A study by LPW Technology reveals some of the complexities of performing 3D metal printing with powder processes.
LPW Technology is a manufacturer of fine metal powder that can be used in a wide range of 3D metal printing equipment, or at least those using a powder bed process for printing. Currently they offer products in Aluminium, Cobalt, Copper, Nickel, Tantalum, Tungsten, Molybdenum, Steel, Titanium, Tungsten, Carbide and various custom alloys. They’ve also optimized these powders for use in common 3D printing power-based systems such as those from EOS, SLM Solutions, Concept Laser, Renishaw, 3D Systems, Trumpf and Arcam.
In addition to the powder itself, the company also offers associated hardware, such as bar-coded containers, software to manage powder supplies and a variety of analytical and engineering services.
So you could say they know what they’re talking about when they issued a new report, entitled “Vacuum vs non-vacuum melted gas atomised powders”, in which they investigate the effects of gas corruption on powders.
First, let’s recall that in a powder-based metal 3D printing process, a high energy beam (typically a laser but not always) is used to swiftly melt selective portions of a flat bed of metal powder. As some metals are toxic and explosive, the printing almost always takes place within a sealed atmospheric controlled chamber, where the oxygen has been removed.
Oxygen is a highly reactive element and to eliminate it, the chamber is typically either evacuated to a near vacuum or filled with a neutral gas such as argon or nitrogen.
But regardless of what technique is used, the powder does encounter some oxygen. And those oxygen molecules can combine with the powder.

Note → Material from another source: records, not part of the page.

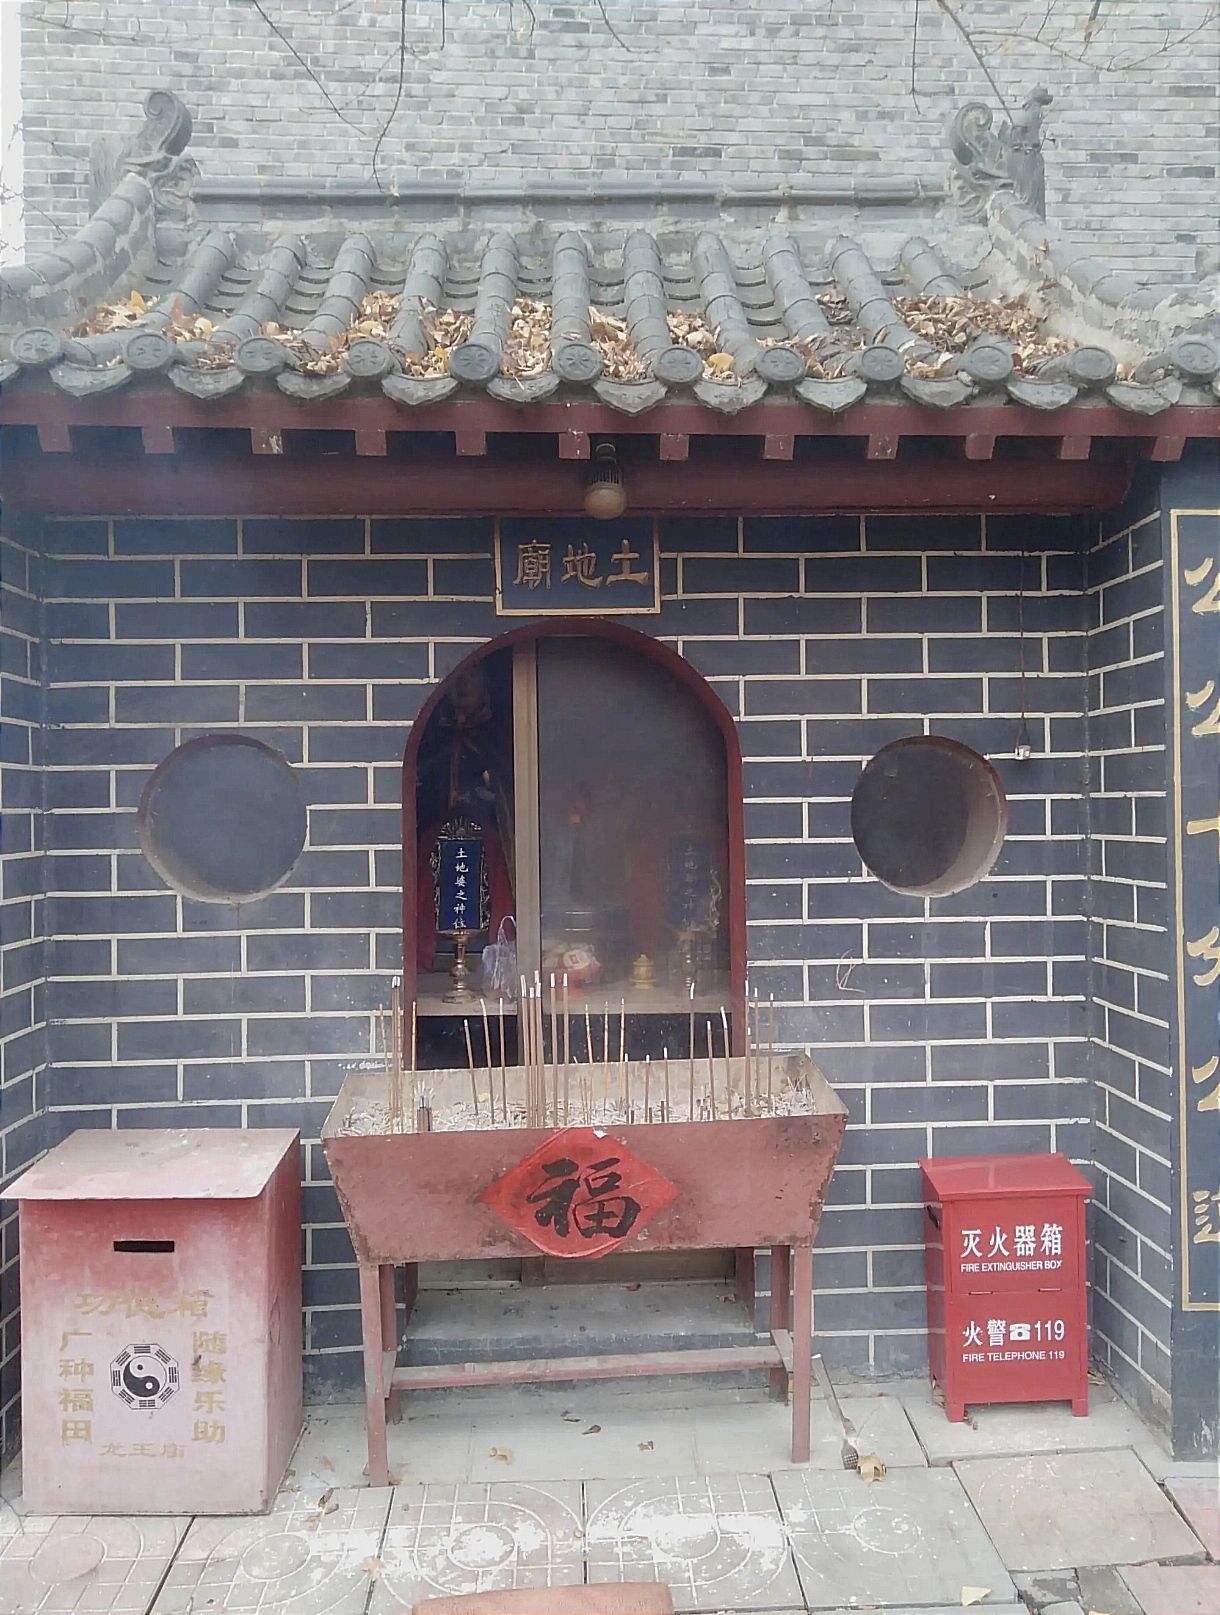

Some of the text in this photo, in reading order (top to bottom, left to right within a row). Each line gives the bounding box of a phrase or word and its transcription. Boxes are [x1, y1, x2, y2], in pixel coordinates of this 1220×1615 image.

[513, 539, 649, 590] 土地廟
[526, 1157, 641, 1238] 福
[960, 1223, 1063, 1258] 灭火器箱
[961, 1260, 1063, 1272] FIRE EXTINGUISHER BOX
[1034, 1319, 1065, 1342] 119
[962, 1350, 1065, 1363] FIRE TELEPHONE 119
[58, 1331, 94, 1444] 广种福田
[191, 1331, 227, 1444] 随缘乐助
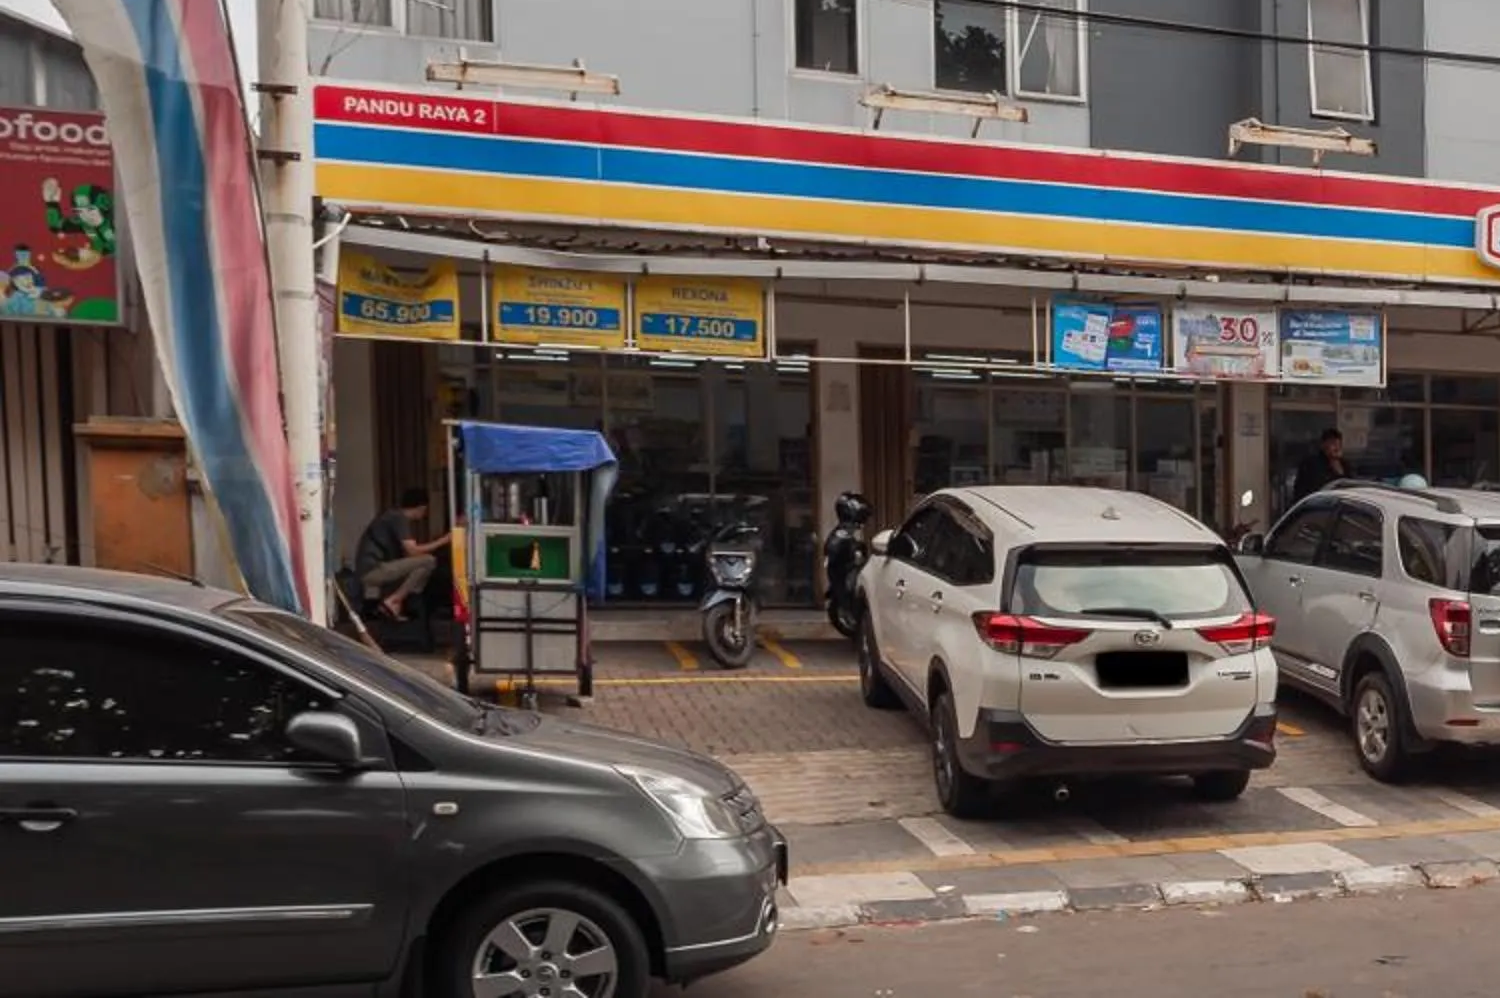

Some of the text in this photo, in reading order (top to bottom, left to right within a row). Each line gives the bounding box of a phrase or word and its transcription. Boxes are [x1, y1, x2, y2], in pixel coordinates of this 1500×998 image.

[343, 96, 487, 125] PANDU RAYA 2
[524, 306, 597, 327] 19.900
[665, 316, 735, 338] 17.500
[1220, 316, 1257, 343] 30
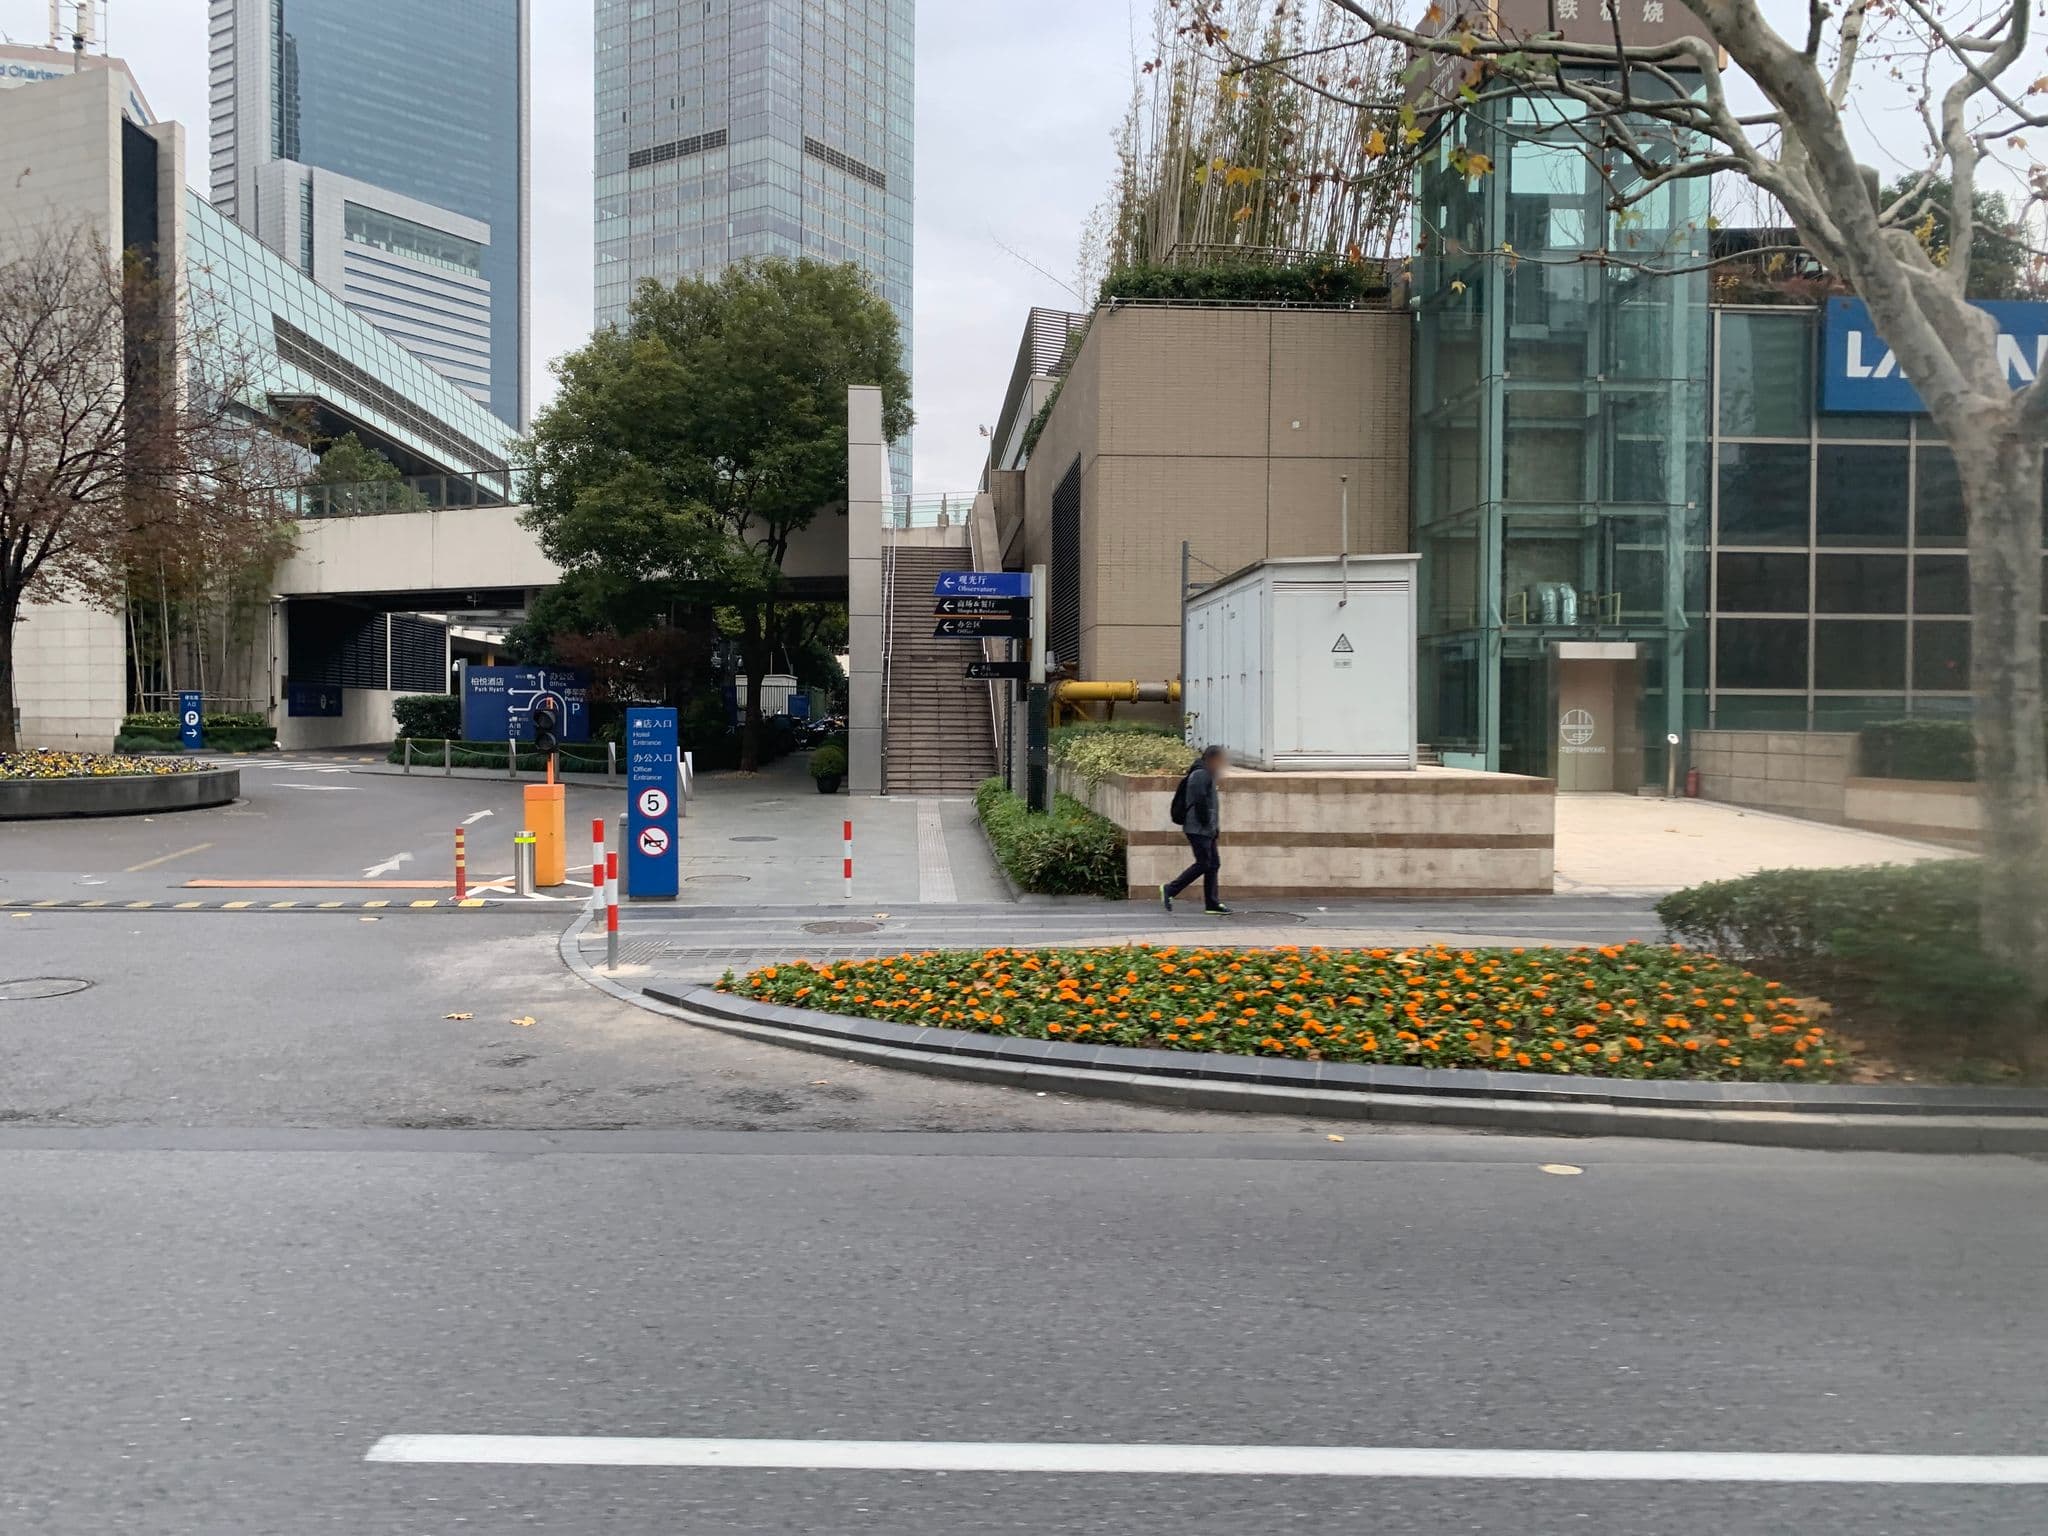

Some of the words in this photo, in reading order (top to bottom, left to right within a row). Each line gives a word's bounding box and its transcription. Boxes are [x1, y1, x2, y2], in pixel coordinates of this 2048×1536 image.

[959, 575, 987, 585] 观光厅
[957, 585, 998, 593] Observatory
[471, 677, 505, 686] 柏悦酒店
[633, 753, 673, 763] 办公入口
[648, 794, 659, 811] 5

Typically in powder processes, the powder that did not fuse to the part is re-used in subsequent prints. However, each time it is used, a little bit more oxygen is absorbed. After repeated print runs, the oxygen corruption has built up sufficiently to cause a problem.
In this chart you can see how the oxygen by weight increases as each printing cycle occurs. It’s a linear effect, but the rate is apparently affected by the quality of the exposure.
But what happens when too much oxygen is absorbed? This chart shows what happens:
The net effect is that the parts being produced become less strong after a sufficient amount of oxygen is present. This means that 3D metal printer operators should regularly change their metal powder supplies – and I suppose that’s a good thing for LPW, who sell such powders. But this effect is nonetheless quite real.
The resulting lower strength parts could be a significant issue. Imagine if an aircraft manufacturer was producing a critical part, only to find that in order to save some powder costs, the operator kept re-using old oxygenated powder for too long?
The difference here is that 3D metal printing is really becoming a production process, not a prototyping process. And those production parts absolutely must meet the specifications required by their buyers.
LPW says that other gases can contribute to the problem:
How oxygen and other gaseous contaminants affect the microstructures and mechanical properties of AM components is not well documented. Oxygen at low concentrations is not considered detrimental, but at a content above 200-300 ppm is shown to affect the mechanical properties such as elongation and rupture life. Nitrogen and hydrogen are considered harmful even in minute additions.
This is but one of many critical concerns one must have when operating 3D metal printing equipment.